Why the Town Report doesn’t show a deficit with flood funding and FEMA in the Town Report like the auditor’s report does?

(1) The simplest answer, though not very complete: The Town Audit is not complete until after the Town Report is published. It is not possible to have the audit numbers in that year’s town report. Only the 2013 audit numbers were available and those were out of date.

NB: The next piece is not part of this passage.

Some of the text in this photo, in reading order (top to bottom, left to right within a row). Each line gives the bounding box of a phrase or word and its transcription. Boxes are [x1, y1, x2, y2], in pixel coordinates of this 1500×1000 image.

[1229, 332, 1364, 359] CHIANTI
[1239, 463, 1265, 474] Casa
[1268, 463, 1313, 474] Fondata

(2) The Audit and the Town Report have different purposes, are based on different methods and thus contain different information. In 2010 the town transitioned from modified cash accounting to accrual accounting to keep its financial records (in order to meet Generally Accepted Accounting Principles or GAAP). The Town Report, specifically the budget on which we vote, is presented on cash (accounting) method. This means it is based on the actual money expected to come in to the General Fund, as well as the bills to be paid out of the General Fund in that particular year i.e. it tracks actual cash flow. The Audit and the towns overall accounting, on the other hand, is based on accrual accounting, (as required by the federal government in accordance with GAAP principles). In accrual accounting income is counted when the sale occurs or money is due, not when it actually received, and expenses are counted when you receive goods or services, not when it is actually paid. Hence it provides a different picture of the town’s finances, one that looks at financial health from a larger picture, not just what is exactly in the bank at that time. The Accrual accounting will also track events in which expenses and reimbursements occur over several years, such as Irene. There are not two sets of “books” just two different reports. I’m sure a former board member Mr. Haff understands this.

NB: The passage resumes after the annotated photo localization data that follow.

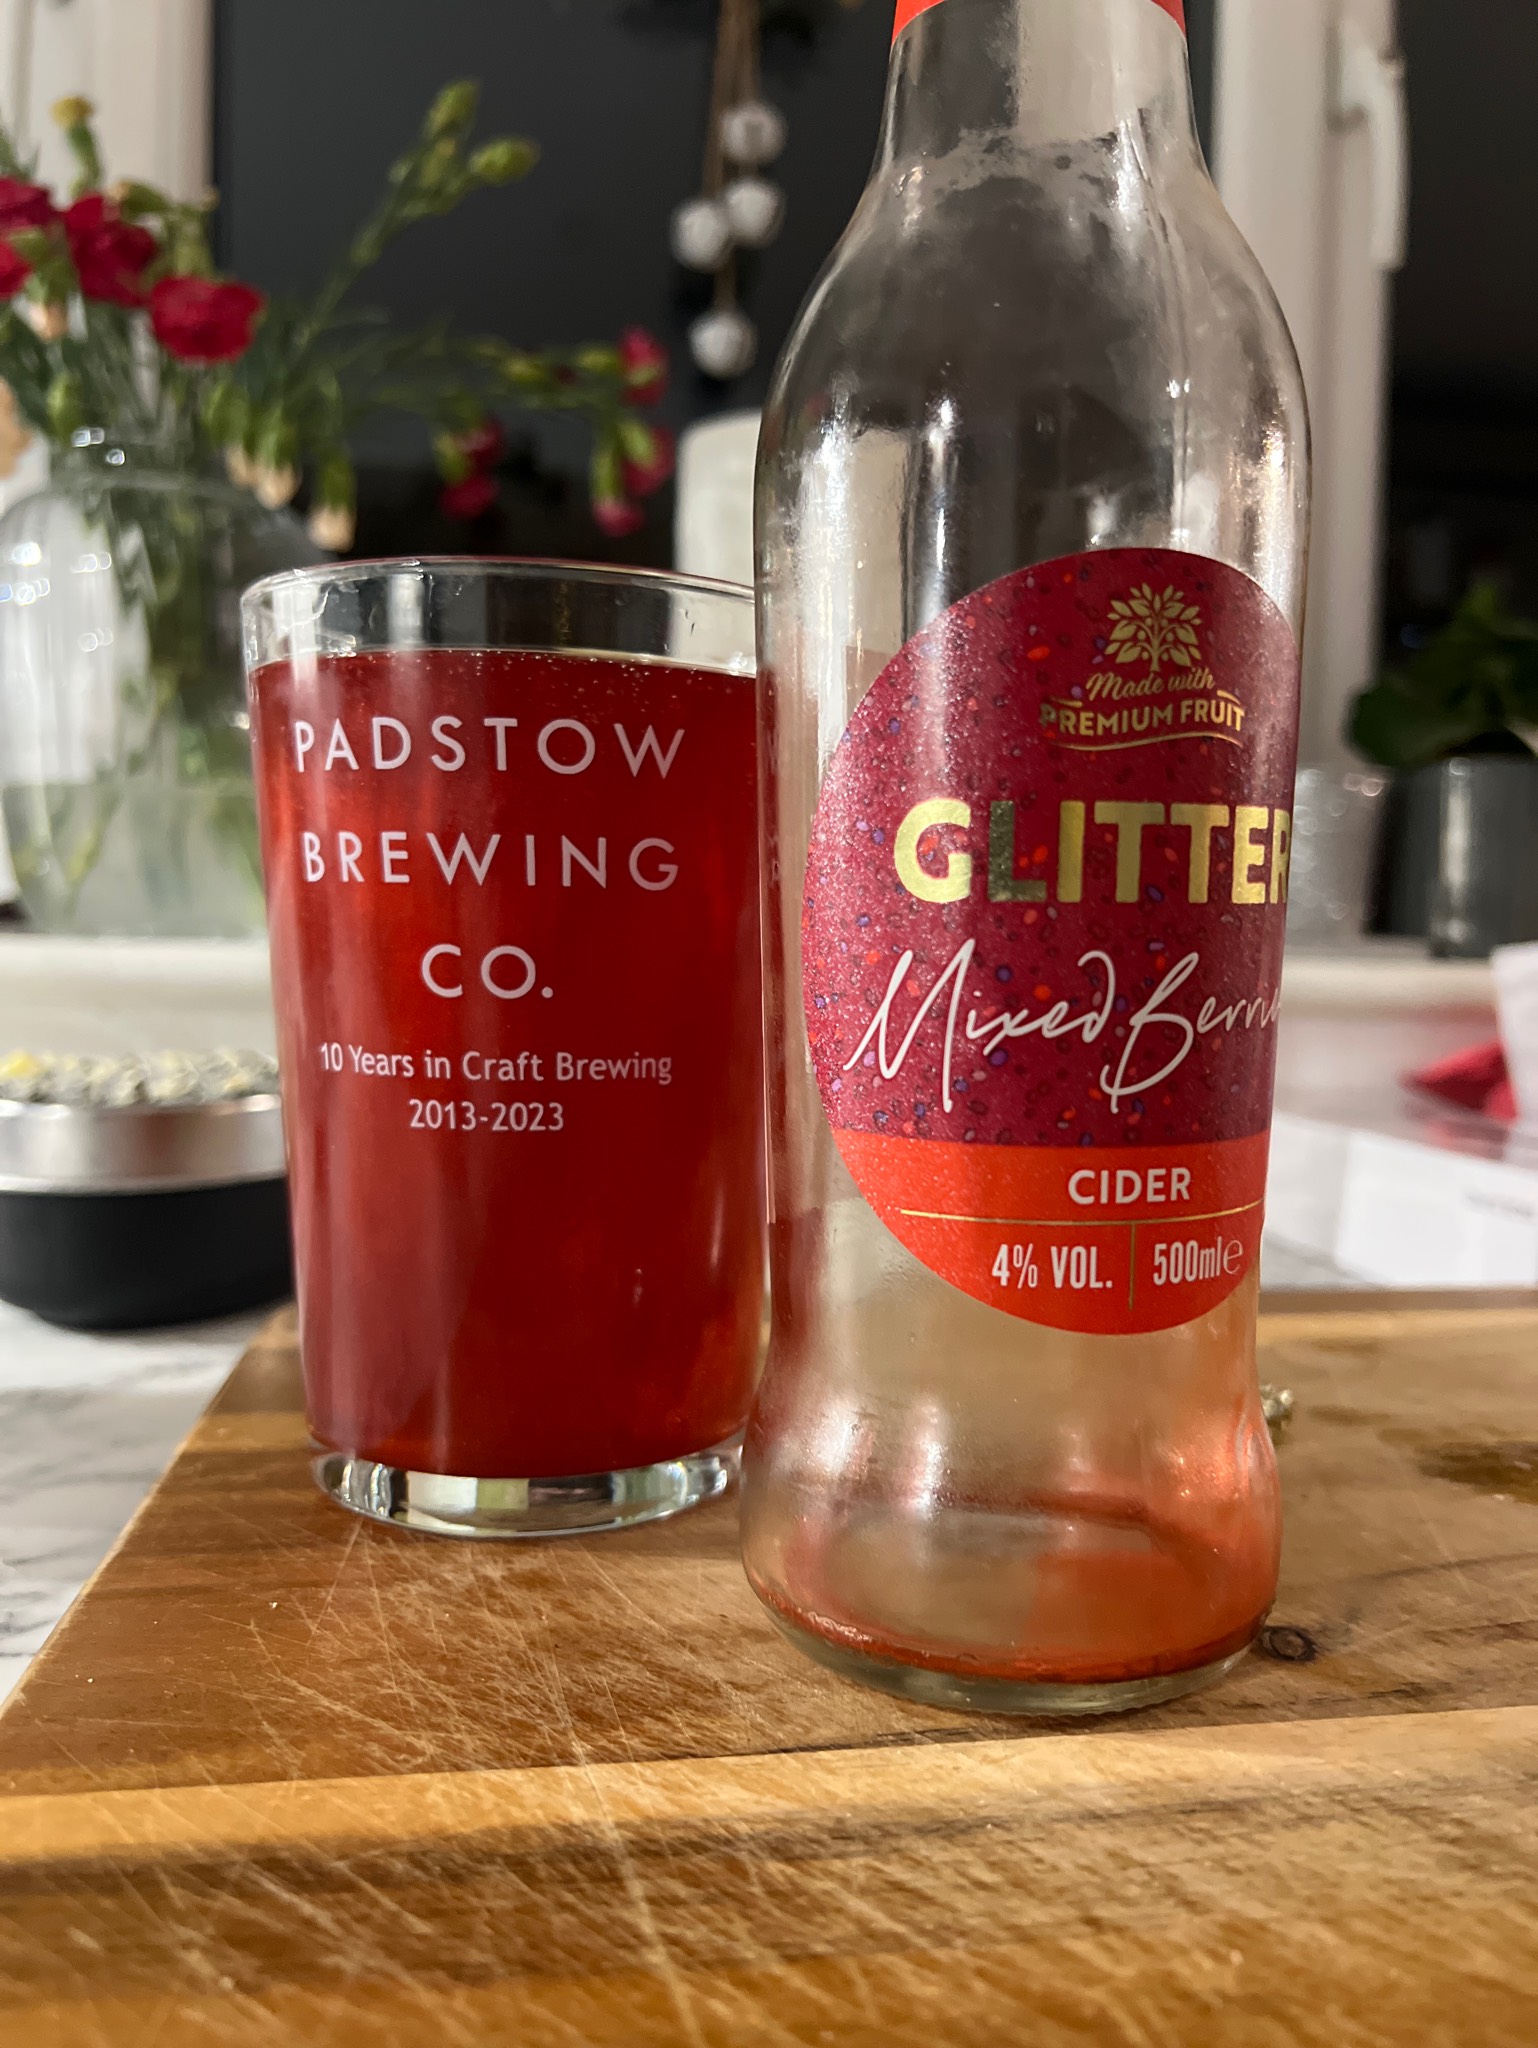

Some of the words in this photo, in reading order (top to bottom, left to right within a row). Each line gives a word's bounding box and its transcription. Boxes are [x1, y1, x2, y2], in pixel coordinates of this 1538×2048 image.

[1086, 671, 1164, 701] Made
[1167, 666, 1216, 692] with
[1039, 702, 1173, 737] PREMIUM
[1180, 699, 1245, 732] FRUIT
[294, 715, 685, 778] PADSTOW
[303, 831, 679, 891] BREWING
[894, 798, 1291, 904] GLITTER
[421, 944, 554, 999] CO.
[843, 938, 1116, 1113] Mixed
[320, 1043, 344, 1072] 10
[349, 1046, 414, 1079] Years
[424, 1050, 450, 1080] in
[463, 1052, 543, 1082] Craft
[556, 1052, 673, 1086] Brewing
[409, 1099, 565, 1132] 2013-2023
[1068, 1167, 1191, 1205] CIDER
[991, 1243, 1039, 1288] 4%
[1051, 1246, 1113, 1289] VOL.

(3) So, that brings us to why the $815k Irene debt is not listed the page 7 debt summary of the town report (besides that the exact number from the audit was not available: please see above). Page 7 of the town report clearly refers to debt to outside entities that have not been paid. The $815k Irene debt has been paid to all outside vendors, it is no longer a cash accounting debt, therefore, it does not appear on page 7. It is only still an accrual accounting debt because we have not yet reconciled any of that debt against any specific fund listed on the Audit’s Statement C, as of yet. We intend to do this after we know the final amount FEMA will reimburse us, which should be by the beginning of December.

(4) The effect of the Irene costs ($815k), which were not paid by FEMA are, as Mr. Haff suggests, important. This is why they were brought up by the Select Board at both the March 2014 and March 2015 Town Meetings as they were essential to understanding our cash flow issues. The numbers were not exact as the audit; however, this March I made it very clear that the Town’s portion of Irene expenses were between $800K and $950K. I offered to anyone a worksheet showing my calculations. In addition, we asked our auditor to attend that meeting (which he did) to further clarify the issue for anyone who had questions. I do not recall the statements Mr. Haff quoted from the accountant, and since I don’t know the original question the accountant was referring to, I can’t really comment on what exactly he said.

The second set of questions, regarding the Unassigned Fund Balance (UFB) and at what level it should be, and how to get it to the proper level also requires a bit of background information to answer properly and in context. And all of this ties back into the information given above.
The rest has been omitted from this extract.